|Title||Development and distribution of quality related compounds in apples during growth|
|Author(s)||Sadar, N.; Urbanek Krajnc, A.; Tojnko, S.; Tijskens, L.M.M.; Schouten, R.E.; Unuk, T.|
|Source||Scientia Horticulturae 213 (2016). - ISSN 0304-4238 - p. 222 - 231.|
Horticulture and Product Physiology Group
|Publication type||Refereed Article in a scientific journal|
|Keyword(s)||Apple - Biopsy sampling - Colour - Modeling - Organic acids - Sugars - Taste|
Colour and taste are important attributes of apple fruit quality and have therefore been widely studied. Nevertheless, because of the destructive sampling methods commonly used to obtain the data, and of the subsequent traditional analyses, ignoring the effects of biological variation, the knowledge on the kinetic mechanisms of synthesis and degradation of individual quality components during fruit development and growth is still lacking.
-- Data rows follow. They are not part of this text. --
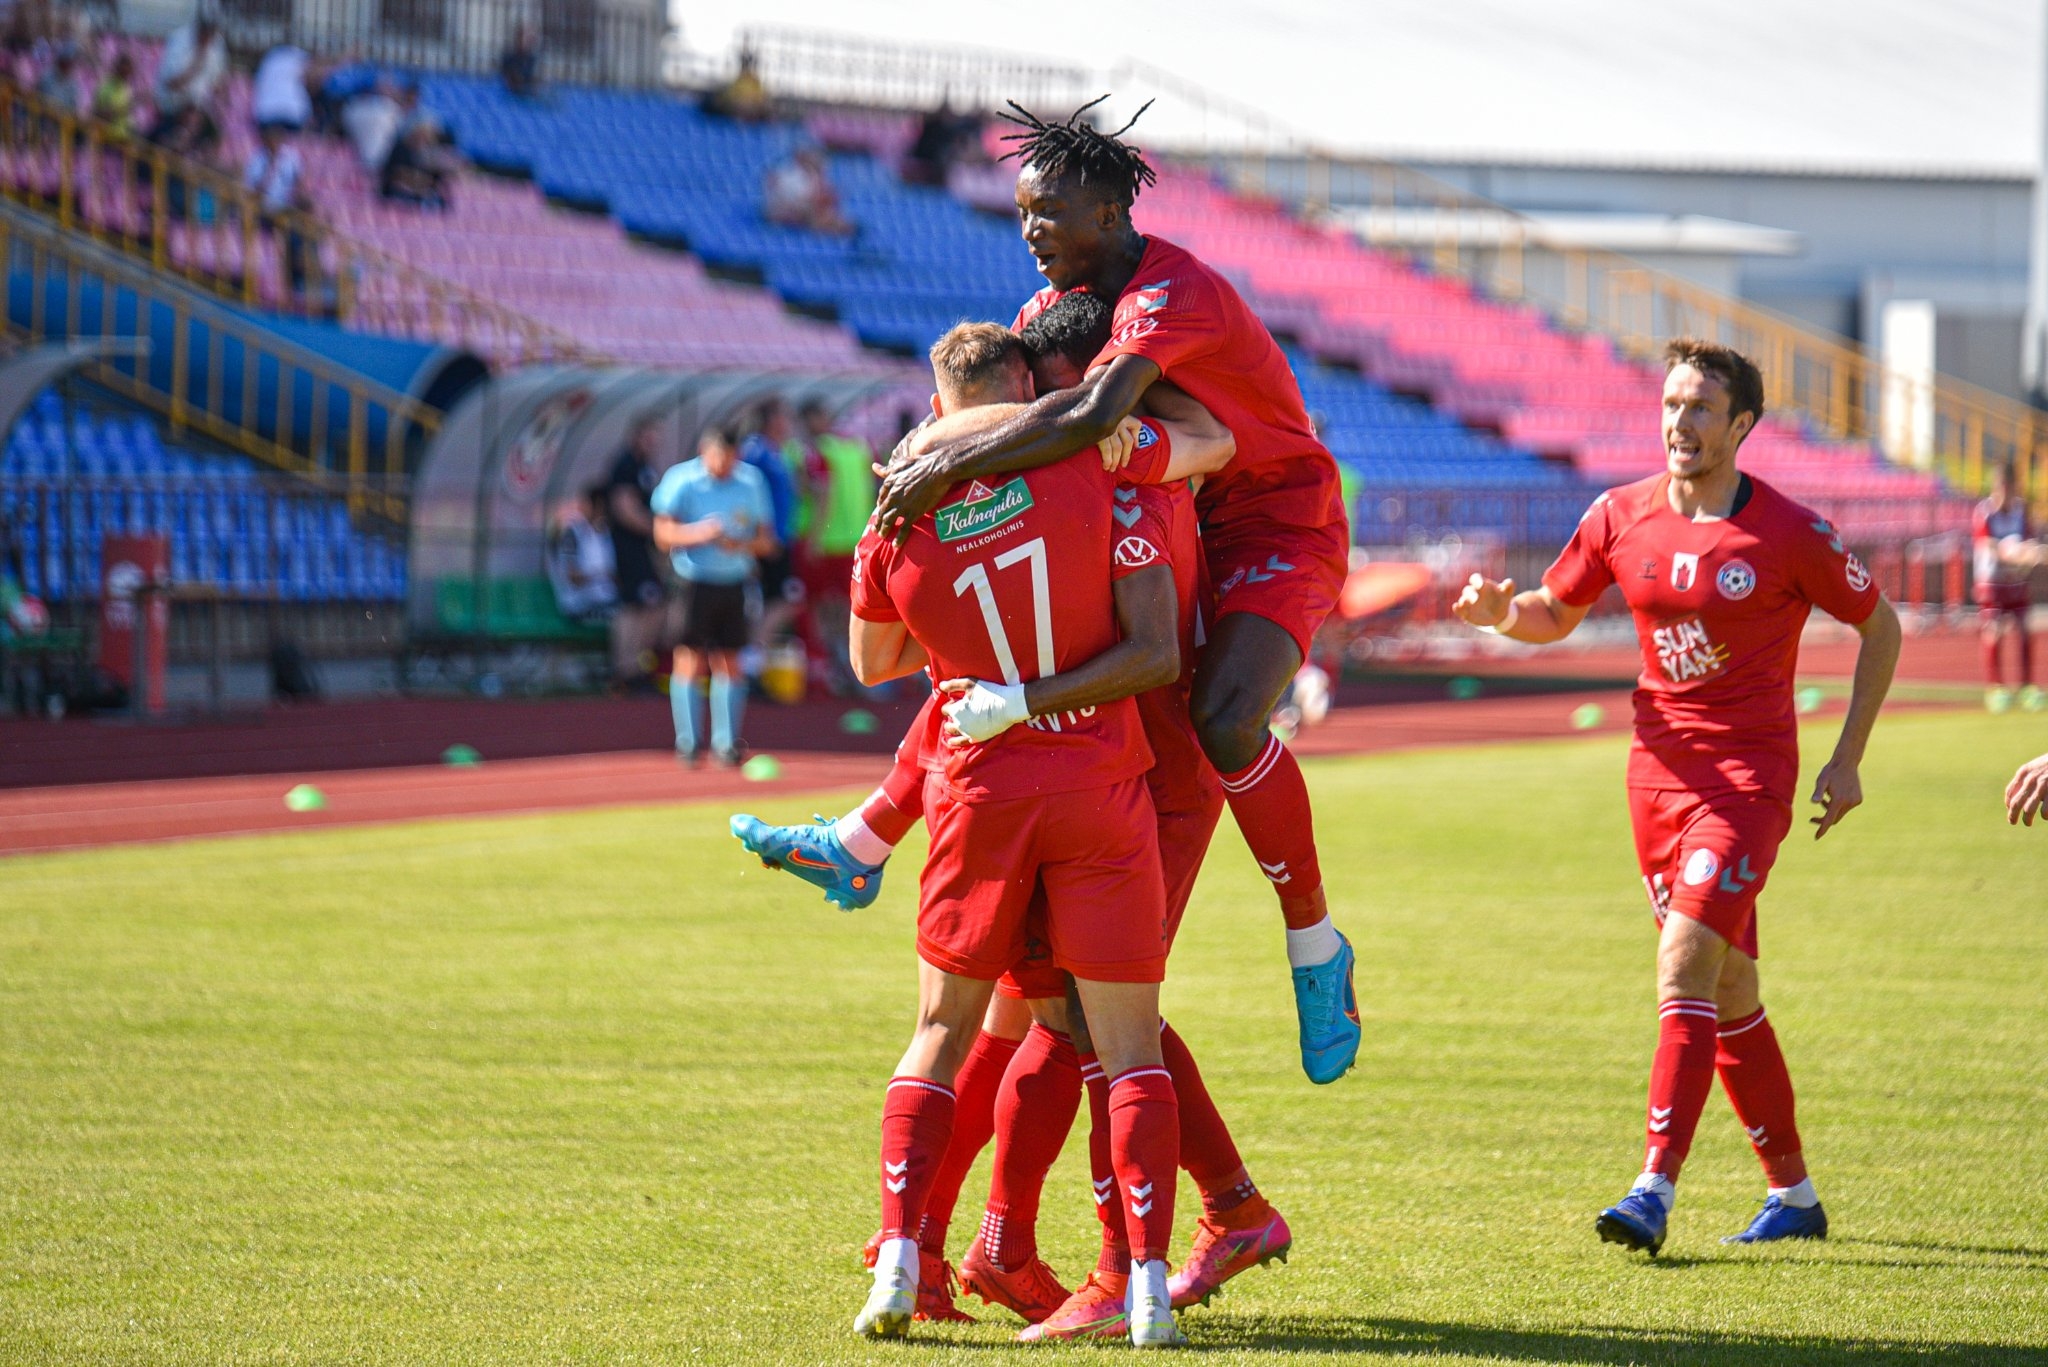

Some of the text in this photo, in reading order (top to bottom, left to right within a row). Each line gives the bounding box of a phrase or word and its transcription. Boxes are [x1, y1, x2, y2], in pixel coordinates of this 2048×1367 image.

[944, 489, 1024, 536] Kalnapilis
[956, 519, 1025, 554] NEALKOHOLINIS
[952, 536, 1056, 687] 17
[1653, 619, 1708, 657] SUN
[1661, 644, 1720, 683] YAN
Spatio-temporal changes of taste components (sugars: fructose, sucrose, glucose, organic acids: malic, citric, shikimic and fumaric acid) and colour aspects (a) in individual apple fruits were monitored to assess the dynamics and mechanisms of change during development and ripening with respect to location within fruit as a factor and the variation between individual apples. Data were analysed with non-linear indexed regression based on either a logistic or an exponential process oriented model assessing the technical variation simultaneously. The rate constants for colour or taste component were roughly similar between cultivars, suggesting a similar mechanism of development and confirming the generic nature of the model. There was a very large biological variation in individual quality components observed in the raw data (the biological variation), which can be almost exclusively explained by the difference in the maturity stage between individual fruit. The explained parts (R2 adj) were, with one exception, higher than 0.90. The major contribution of this study is the fact that all the herein monitored taste defining components can be analysed and described with the same process-oriented model.